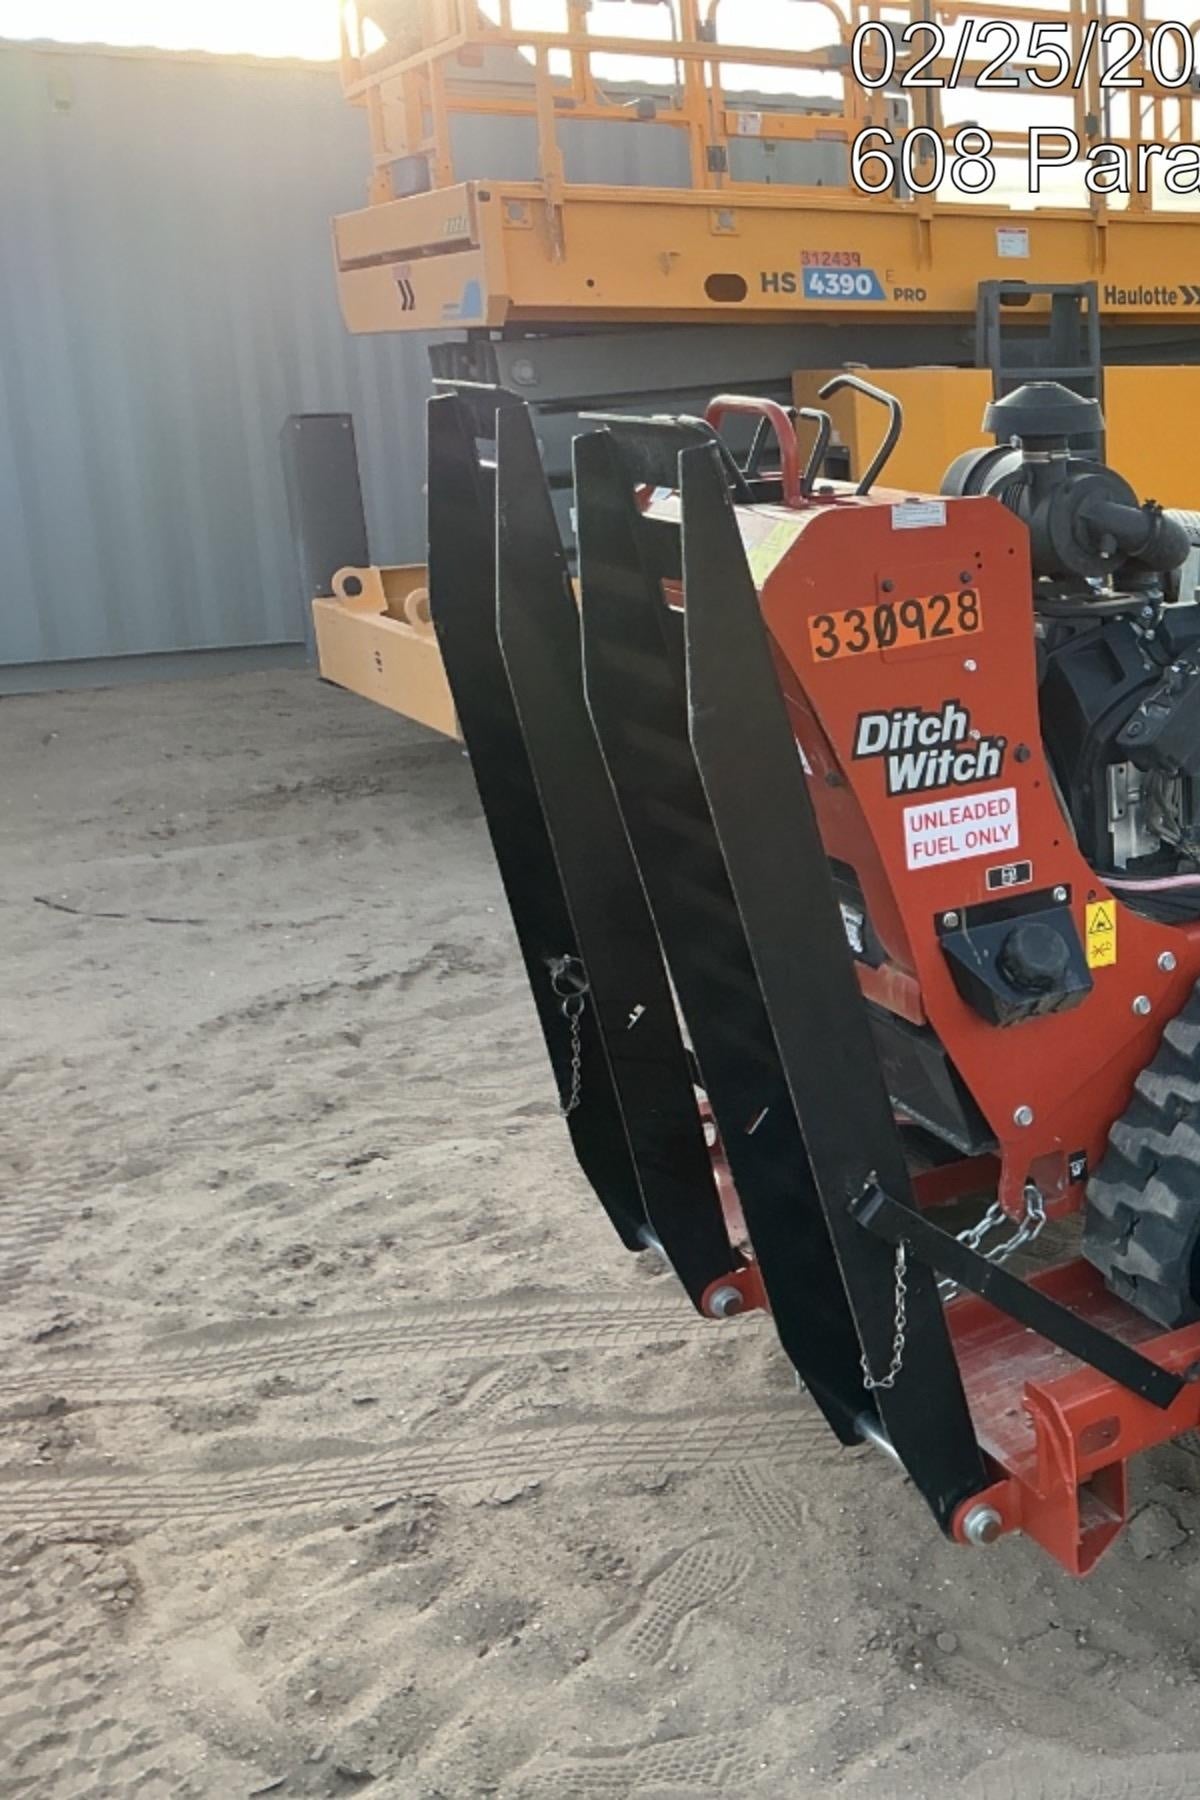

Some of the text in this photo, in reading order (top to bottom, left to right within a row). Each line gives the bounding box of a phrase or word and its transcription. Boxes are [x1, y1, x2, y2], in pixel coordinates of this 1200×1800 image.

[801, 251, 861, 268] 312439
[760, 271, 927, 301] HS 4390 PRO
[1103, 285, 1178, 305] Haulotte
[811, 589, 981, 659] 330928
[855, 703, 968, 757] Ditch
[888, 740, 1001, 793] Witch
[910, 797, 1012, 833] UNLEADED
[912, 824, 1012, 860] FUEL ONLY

→ Work instruction
Omit the pictures. Output every record above word for word.

→ Answer to the exercise
Some of the text in this photo, in reading order (top to bottom, left to right within a row). Each line gives the bounding box of a phrase or word and its transcription. Boxes are [x1, y1, x2, y2], in pixel coordinates of this 1200×1800 image.

[801, 251, 861, 268] 312439
[760, 271, 927, 301] HS 4390 PRO
[1103, 285, 1178, 305] Haulotte
[811, 589, 981, 659] 330928
[855, 703, 968, 757] Ditch
[888, 740, 1001, 793] Witch
[910, 797, 1012, 833] UNLEADED
[912, 824, 1012, 860] FUEL ONLY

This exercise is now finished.